Tutti i figli sono sempre di «serie A»


di Giovanni Santone, Padova

Gentile direttore, ho letto su Avvenire dell’8 novembre l’intervento di Francesco D’Agostino dal titolo "Se la genitorialità biologica viene mandata in serie B". Devo confessare che l’articolo mi risulta di difficile comprensione: ho avuto difficoltà a capire certi passaggi e soprattutto la contrapposizione tra genitorialità biologica e genitorialità "sociale" (aggettivo quest’ultimo per definire l’adozione). Se mi pongo da parte del bambino mi chiedo quale differenza ci sia tra il figlio nato da una donna che può crescerlo e accudirlo nella famiglia naturale e quello diventato figlio di altri genitori, perché in stato di abbandono. Sempre ponendomi dalla parte del minore ricordo che Stato italiano (legge 149/2001) e convenzioni internazionali stabiliscono che i minori (tutti, senza distinzione) hanno il diritto di crescere ed essere educati nell’ambito della propria famiglia. La soluzione alternativa, che è l’adozione, scatta solo quando la famiglia non c’è o non è in grado di provvedere ad assolvere ai suoi compiti, sulla base di precisi accertamenti e con provvedimento del tribunale per i minorenni. L’adozione, quindi, dà una mamma e un papà, valutati idonei dai servizi sociali, a un  bambino che non ha più una famiglia. Come si vede tutto ruota intorno al principio del diritto del minore ad avere una famiglia, che lo mantiene, lo educa e lo istruisce e realizza con lui relazioni affettive.
Proprio le relazioni affettive sono l’elemento   unificante di qualsiasi famiglia, senza distinzione o collocazione in serie A o B. E per concludere ricordo un episodio: un bambino, che risponde a una provocazione di un compagno: «Ho saputo che quelli che tu chiami mamma e papà non sono i tuoi genitori». E la risposta del bambino adottato è stata: «Forse tu sei nato per caso, mentre io sono stato voluto dai miei nuovi genitori». Lasciamo da parte il discorso di serie A o B. Sarà bene invece che noi adulti non provochiamo "guerre" tra bambini e quindi tra famiglie.

Francesco D’Agostino

Gentile signor Santone, mi spiace che lei abbia potuto pensare che dalle riflessioni contenute nel mio editoriale si dovesse dedurre che esistono bambini di serie A (quelli cresciuti nella loro famiglia "naturale") e bambini di serie B (quelli cresciuti in una famiglia adottiva).

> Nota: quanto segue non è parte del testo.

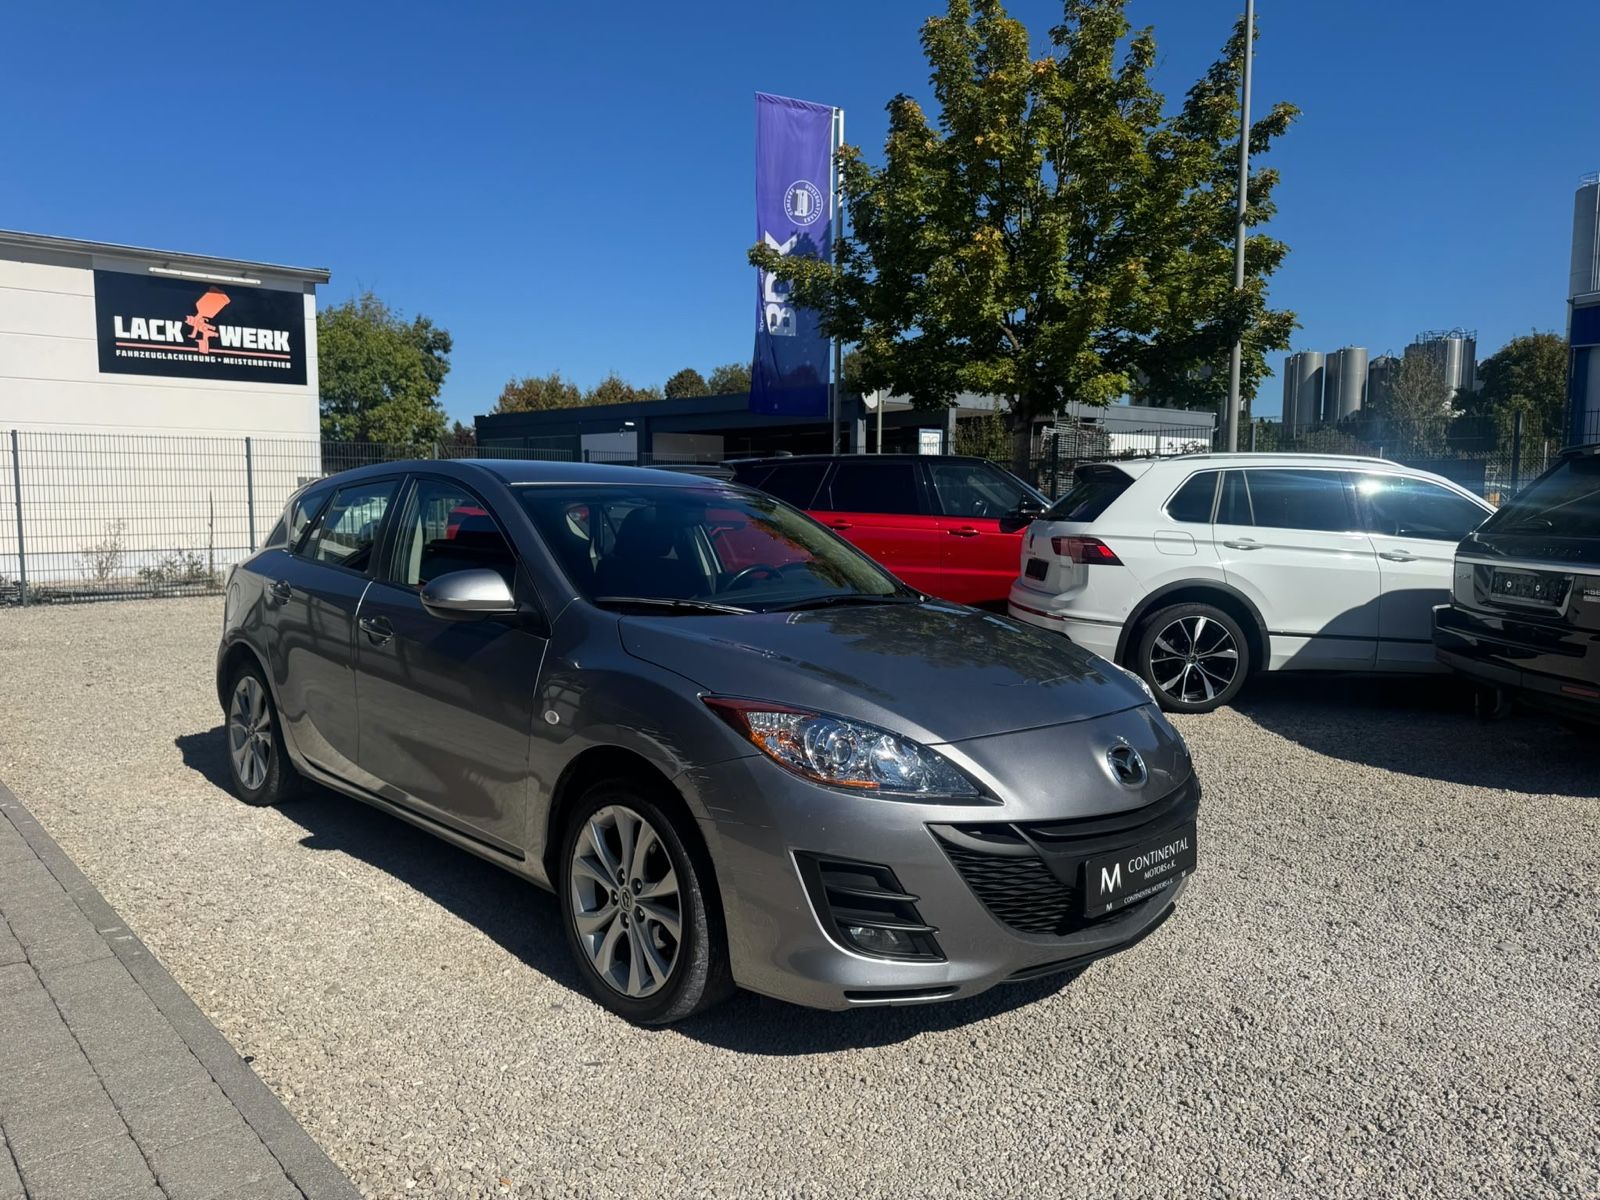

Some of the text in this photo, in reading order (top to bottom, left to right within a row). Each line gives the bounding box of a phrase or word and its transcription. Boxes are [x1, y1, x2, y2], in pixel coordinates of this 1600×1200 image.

[114, 315, 291, 352] LACK WERK
[115, 349, 291, 369] FAHRZEUGLACKIERUNG MEISTERBETRIEB
[1128, 837, 1188, 873] CONTINENTAL
[1144, 862, 1167, 880] MOTORS
[1100, 862, 1122, 896] M
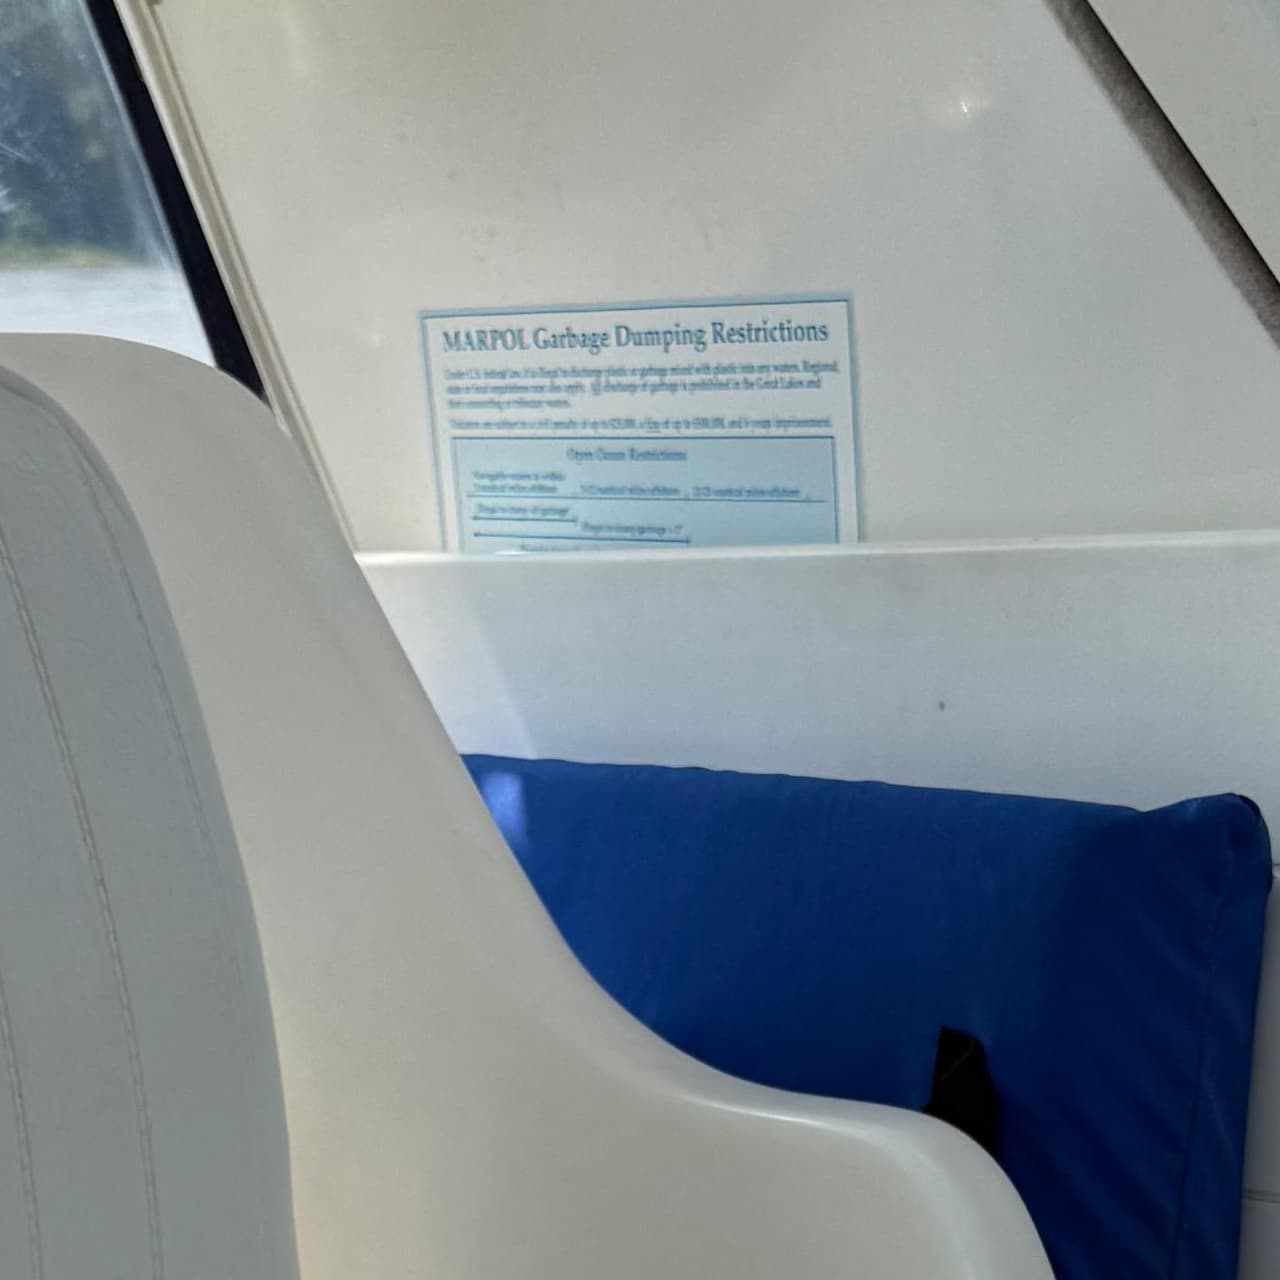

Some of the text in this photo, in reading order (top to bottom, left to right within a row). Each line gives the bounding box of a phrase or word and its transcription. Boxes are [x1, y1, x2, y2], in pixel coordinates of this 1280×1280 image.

[443, 317, 829, 356] MARPOL Garbage Dumping Restrictions

Nessuno più di me è convinto della necessità di riconoscere a tutti i bambini (e in particolare a quelli orfani o in stato di abbandono) il diritto a crescere in un contesto familiare e ammiro profondamente tutti coloro che profondono le loro energie in tal senso. Il punto su cui volevo portare l’attenzione era un altro. Assistiamo da qualche tempo al tentativo di banalizzare il rilievo umano della genitorialità "naturale" (o "biologica", come oggi va di moda dire), per anteporle quella basata sugli "affetti", onde legittimare definitivamente la procreazione assistita eterologa, che riduce i genitori naturali a meri "donatori di gameti" e individua i "veri" genitori in quelli "sociali" (quelli che attivano le relative procedure). L’affetto naturalmente è cosa stupenda e vincoli familiari non affettivi sono davvero ben povera cosa. Ma i vincoli "naturali" non sono da meno rispetto a quelli affettivi.
Minimizzarli o banalizzarli è un modo di far violenza alla verità delle cose: non siamo puri spiriti, mossi esclusivamente dall’amore, siamo creature dotate di un corpo, creature che procreano non attraverso la forza dello spirito, ma attraverso la "carne" e abbiamo quindi il dovere di prenderla sul serio. Il realismo cristiano non ha mai disprezzato il corpo; le moderne biotecnologie sembrano, almeno in alcuni casi, volerlo fare. È un errore gravissimo: è la consapevolezza dei vincoli naturali che ci uniscono ai nostri familiari a venirci in soccorso tutte le volte (e non sono rarissime) in cui ci sembra di non essere più in grado di amarli. È molto difficile che in caso di separazione o di divorzio un padre "sociale", pur avendo acconsentito alla fecondazione eterologa della moglie, mantenga un rapporto col figlio, col quale non si sente unito da alcun vincolo "biologico". E, reciprocamente, è molto difficile indurre una donna, che ha partorito il proprio figlio, a "cederlo", in caso di separazione o di divorzio, al padre sociale. Ciò che una volta chiamavamo la "voce della
natura" ha una forza che non dovremmo mai minimizzare.